Arctic Field Season Preview – Cold Ice in a Warm Bath

The Cold Ice in a Warm Bath (CIWB) research team (Dr. Adrian Dye, Dr. Joe Mallalieu, Dr. Fran Falcini, Mike Beckwith and Miles Dimbleby) are busy preparing for their 2022 field season in the Arctic. They work in an area of the Arctic that has recently experienced a number of unusual summer heatwaves (with monthly means >5oC above the long term average; Dye et al., 2021). The 2022 field season research will show how much proglacial lakes (at the terminus of glaciers) enhance retreat rates in their ‘Glacier and Lake Response to Extreme Temperature Anomalies’ (GLRETA) project, which has been funded by INTERACT and the Royal Geographical Society.

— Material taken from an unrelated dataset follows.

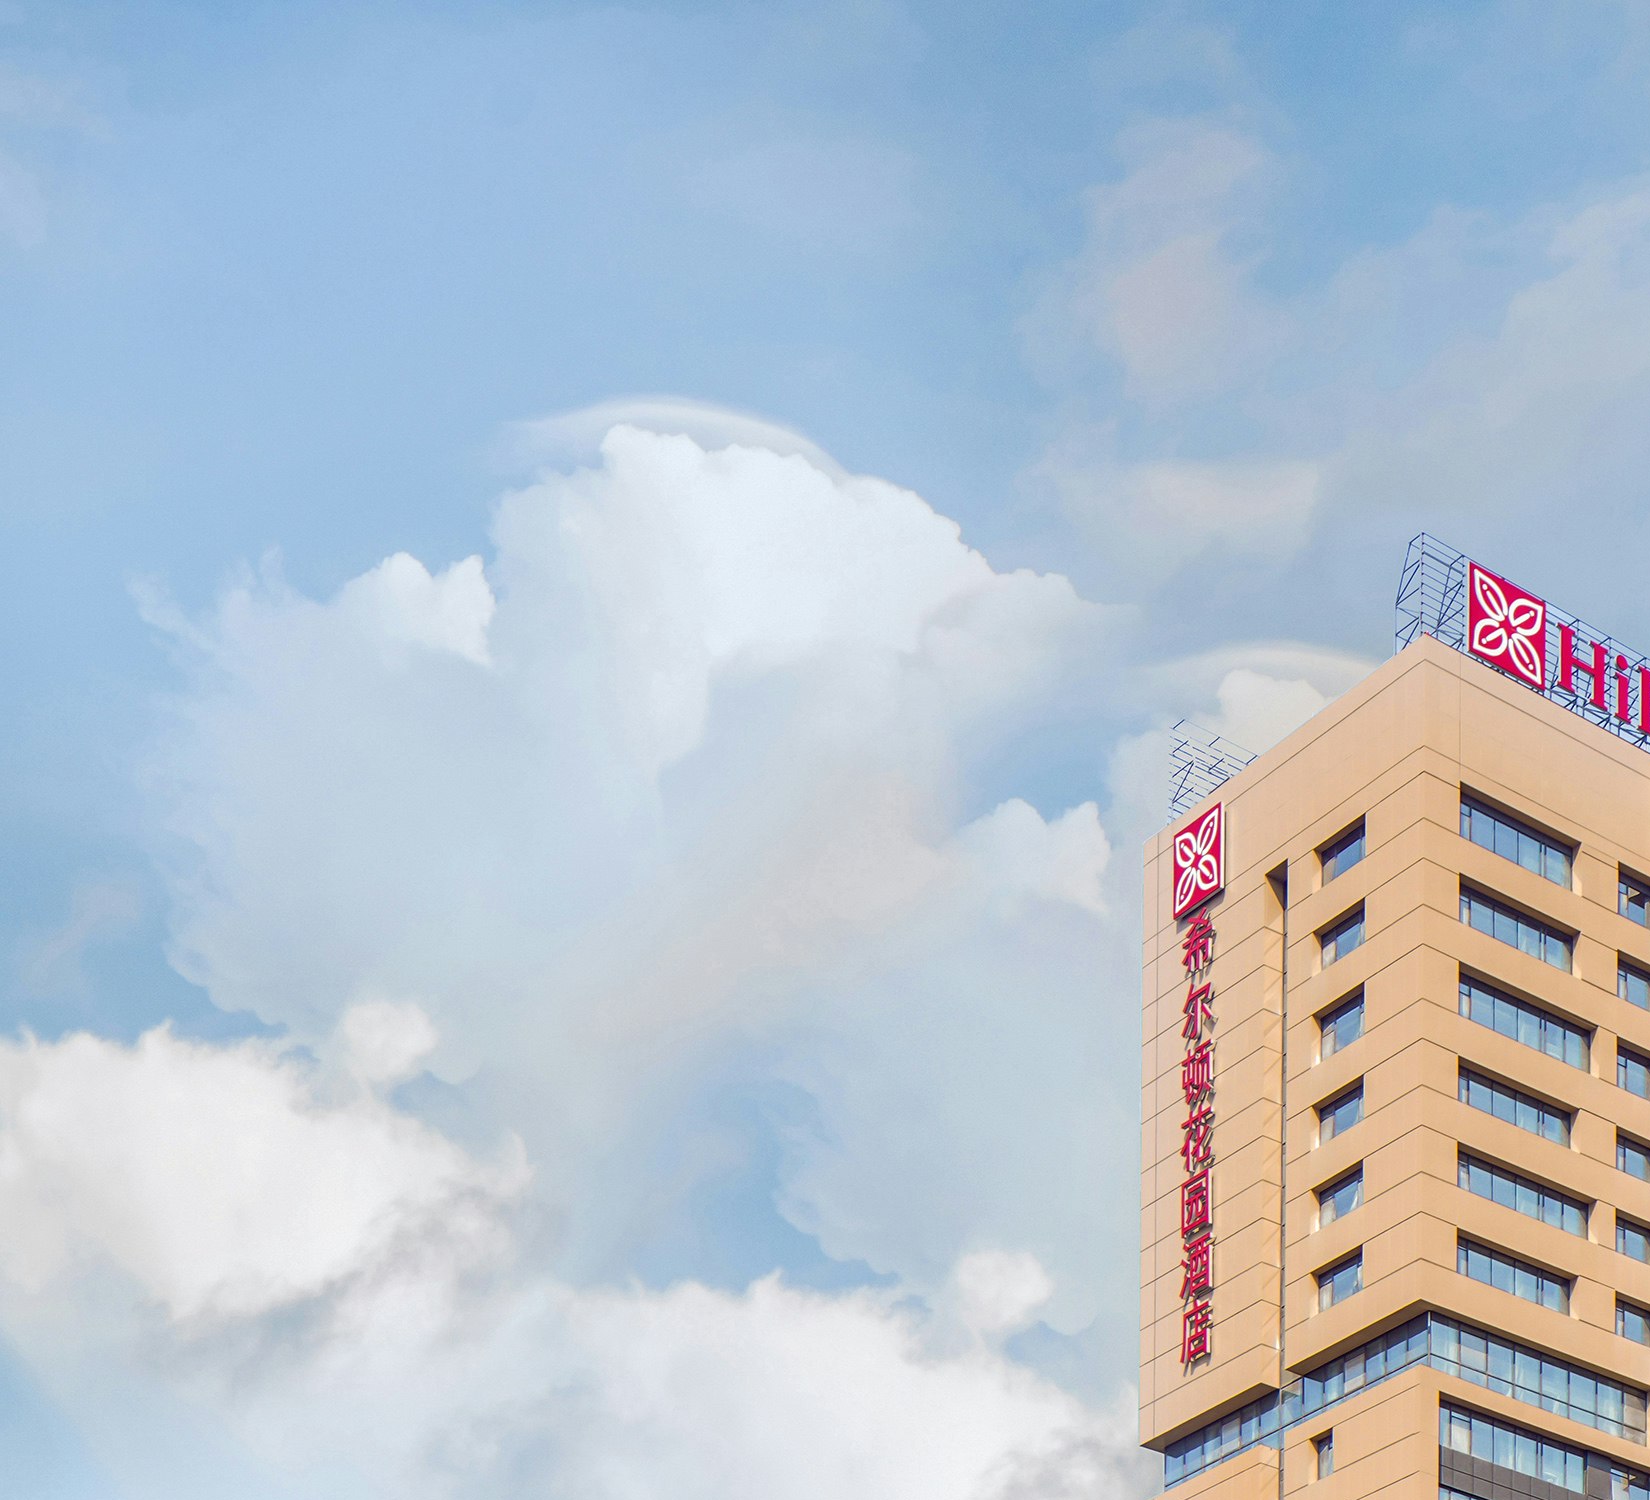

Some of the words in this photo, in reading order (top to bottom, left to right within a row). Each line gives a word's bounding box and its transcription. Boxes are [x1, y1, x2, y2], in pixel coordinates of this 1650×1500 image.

A series of Arctic glaciers will be surveyed (by UAV) to create digital surface models from photogrammetry (using SfM) and assess the glacier retreat that has occurred in response to the heatwaves since 2015. Crucially this will be combined with sonar surveys (from remote controlled boat) and carefully placed (to avoid icebergs!) temperature sensors to constrain subaqueous melt of Kas’ glacier in relation to proglacial lake warming during the summer. This will be the third field season that the team has spent at Kas’ glacier. If it is anywhere near as eventful as the previous two, they will capture the frequent iceberg calving events (on timelapse) and hopefully one of the longest temperature records from an Arctic proglacial lake (if icebergs don’t disrupt it too much!).

The calving front of Kaskapakte (Kas’) glaciar in Arctic Sweden (July 2019).
Boaty II conducting sonar surveys of the underwater terminus of Kas’ glaciar whilst filming ice structures by GoPro.